Mas aqui eu andei, quando fui pra casa da Lu Farias, onde conheci aquela família linda e atenciosa, onde passei uma tarde muito bacana, papeando, tomando café e vendo que existem outros fãs de Babylon 5 no mundo.Essa possibilidade de conhecer melhor os amigos blogueiros é algo que me deixa feliz.
No ponto de ônibus,rumando para a casa da Lu, uma menina pequena me olhava:
- Que cor "é" seus olhos?
- castanhos - respondi.
- tira o óculos "preu" ver?
Não é o máximo como criança simplesmente consegue se comunicar com todos?

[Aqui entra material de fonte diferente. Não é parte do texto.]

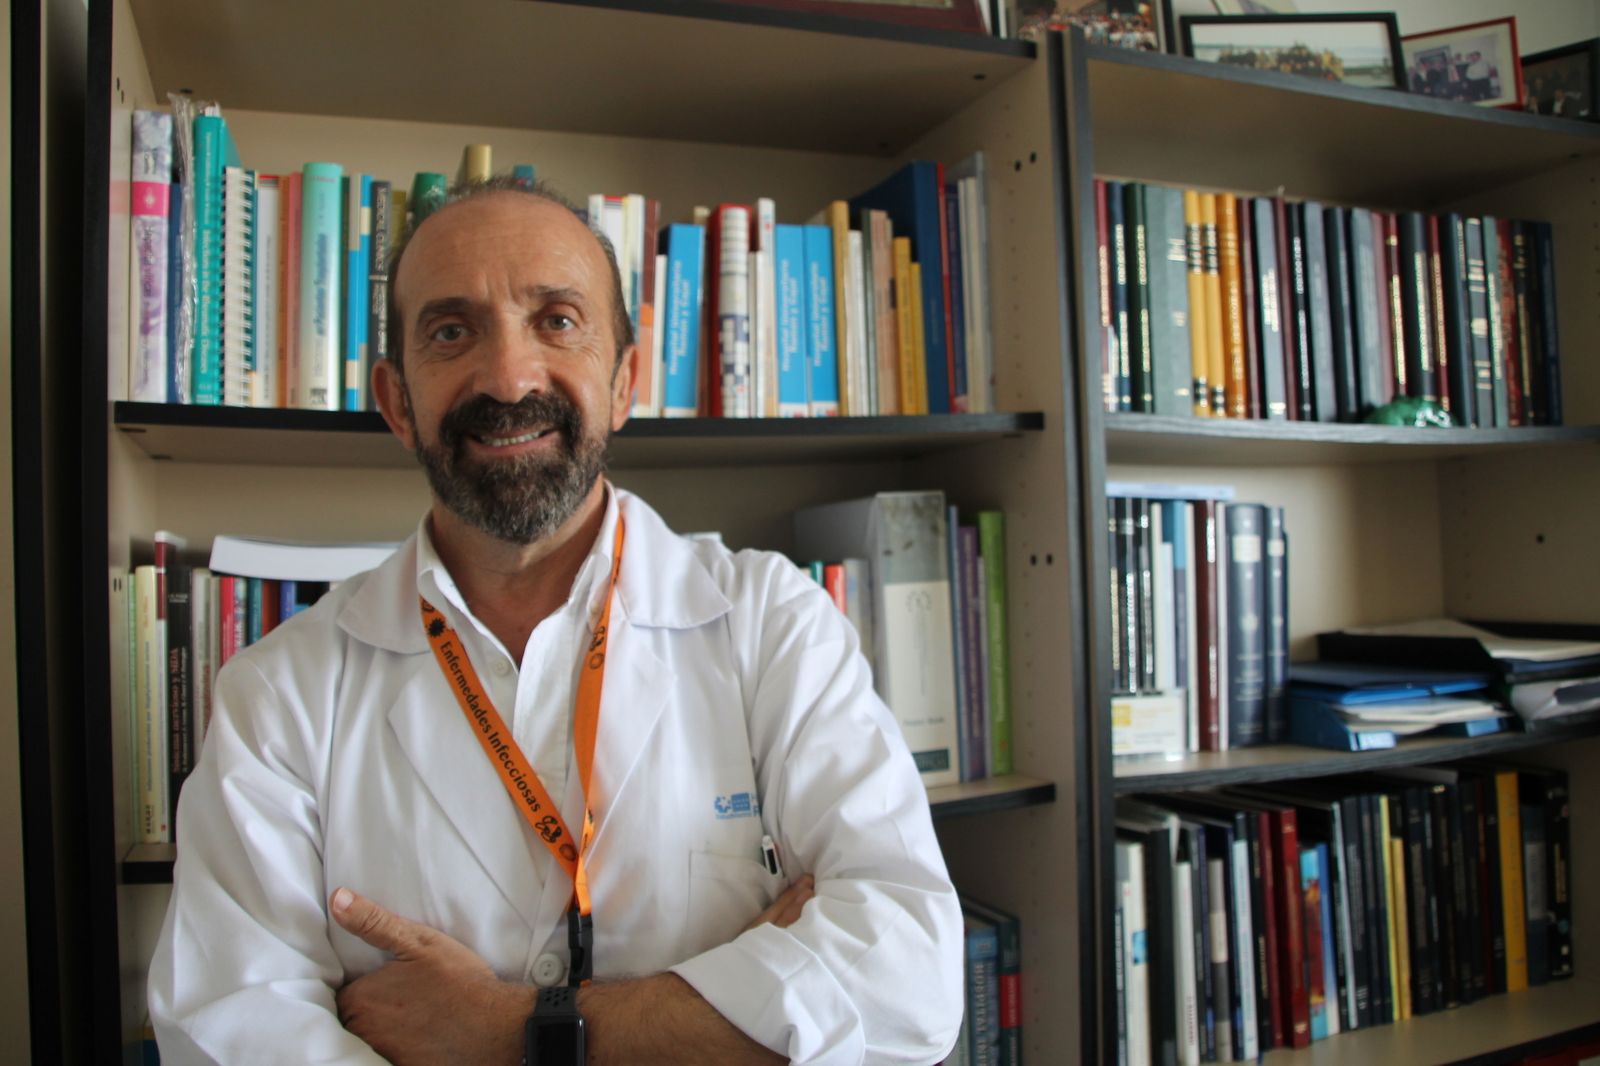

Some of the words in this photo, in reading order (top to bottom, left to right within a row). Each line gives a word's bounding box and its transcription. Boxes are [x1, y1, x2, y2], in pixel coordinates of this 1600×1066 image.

[169, 648, 179, 673] SIDA
[440, 641, 492, 733] Enfermedades
[487, 732, 541, 813] Infecciosas
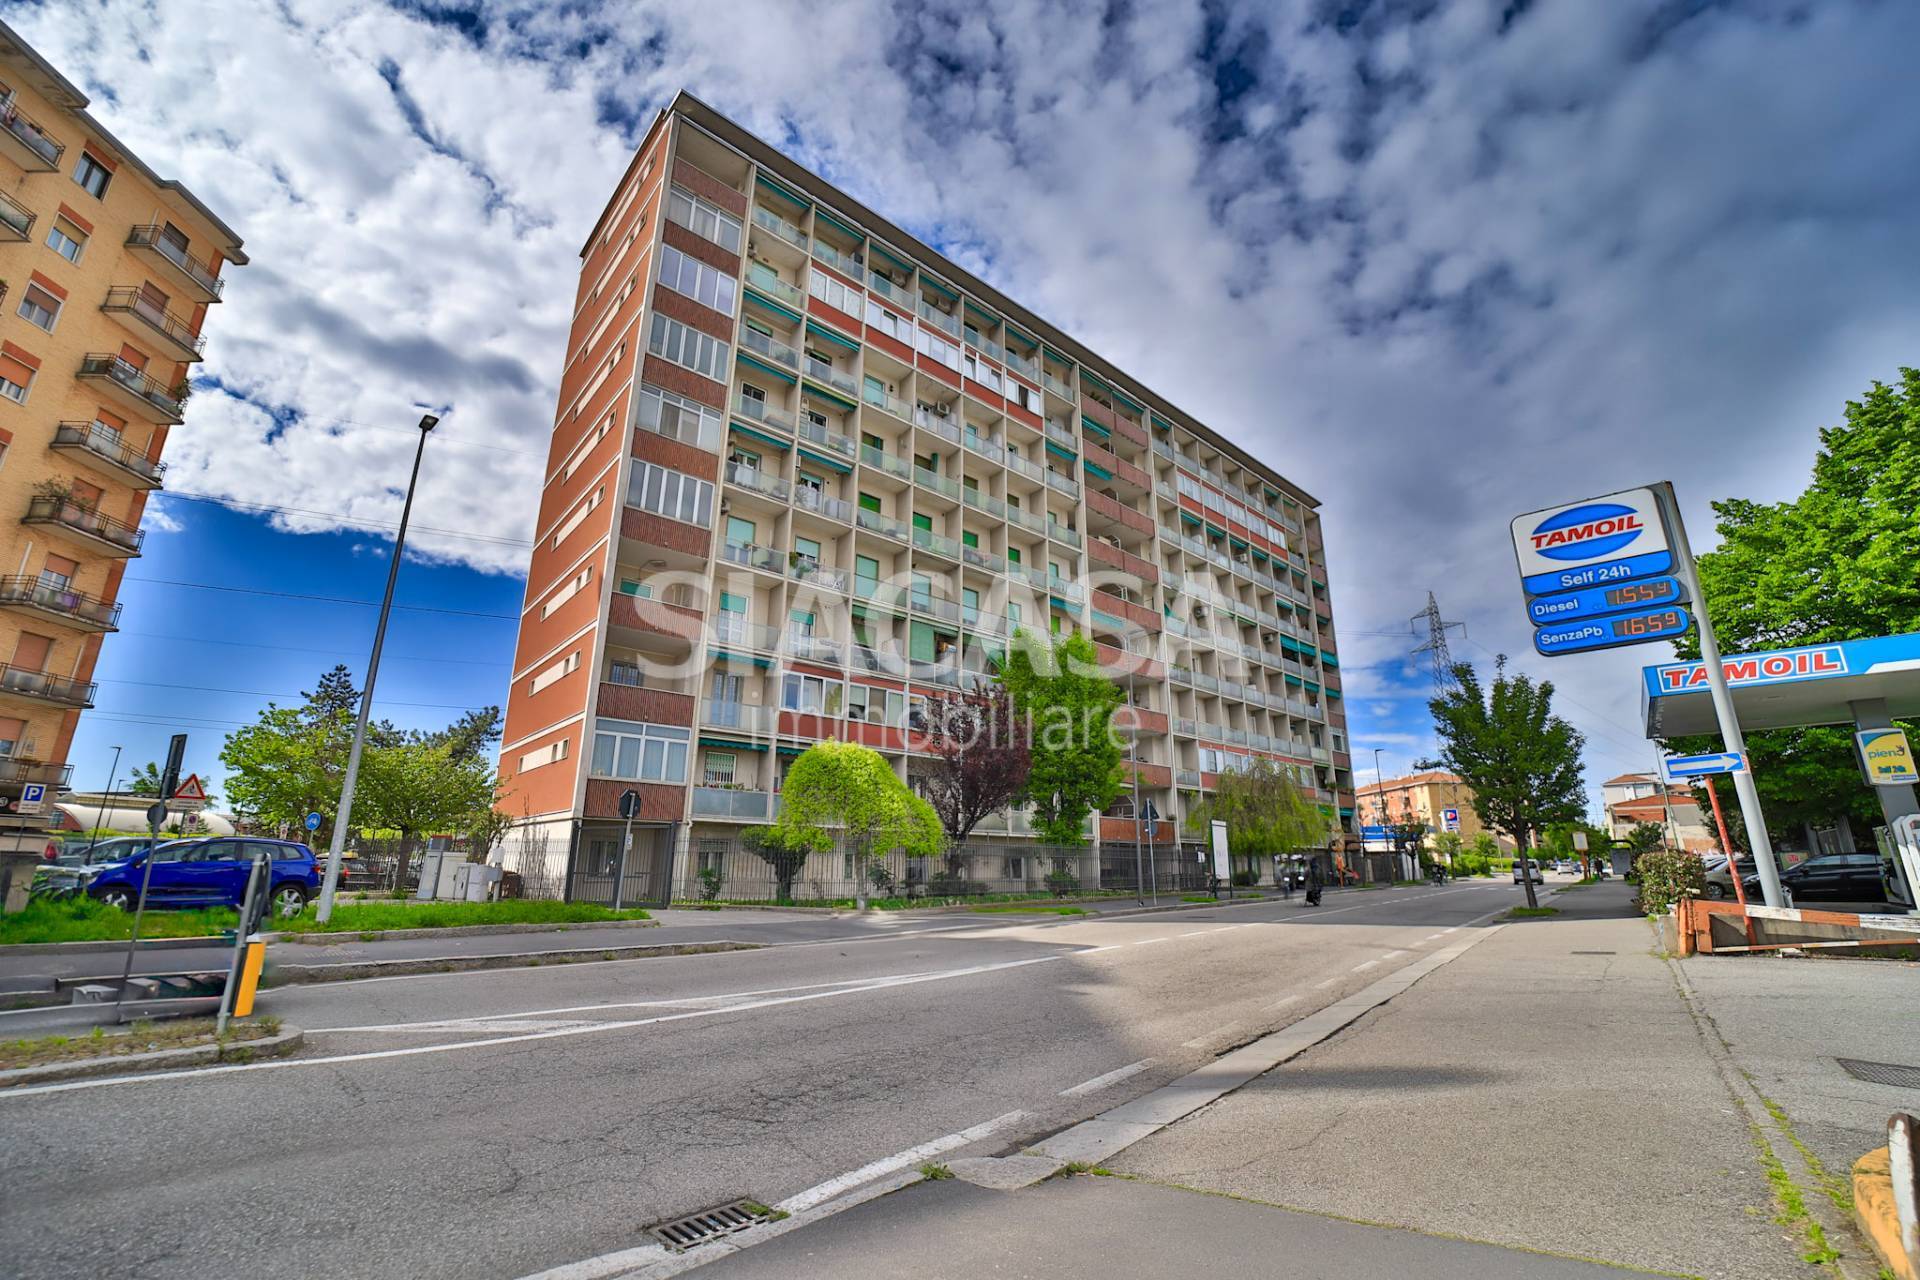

Por mais que eu deteste tomar ôninus - e eu já disse que detesto - é bacana perceber como dá pra se conhecer mais das pessoas, pra trocar coisas, pra ver outras vidas que não a minha apenas.
Minutos depois sentou uma velha. Constrangida, me pediu um real. Dei três, ela riu sua risada sem dentes, disse que ia dar "até pra comprar leite".
Eu já estava com vontade de chorar ali, velhos me comovem, velhos solitários me cortam o coração.
Essa velhinha mora sozinha, as filhas moram no interior do Paraná, disse que morava em São Paulo há anos, ainda ficava aqui porque era mais fácil para se tratar, para pegar remédios no posto de saúde, essas coisas.
Tirou os remédios da sacola, me explicou pra que serviam, na ânsia de papear com alguém.Um toque escatológico aliviou tudo, ela dizia:
- esse aqui é pra eu urinar bem, por causa do rim, sabe? ah, mas eu urino...urino que é uma beleza.
Eu ri da história de xixi da velhinha e continuamos conversando. Ela contando, eu escutando e pensando em um clichê que me pareceu doloroso: em uma cidade tão imensa, quantas pessoas seriam solitárias como aquela velha que andava sozinha, morava sozinha e conversava com uma estranha, após pedir um real.
A solidão dela me cravou nos ossos, doeu, assustou.
Ao entrar na casa da Lu, momentos depois, recebi uma golfada de felicidade: uma família amorosa, alegre, unida. Fiquei pensando na nossa sorte e fiquei pensando na velhinha.


**** texto publicado originalmente em julho de 2007.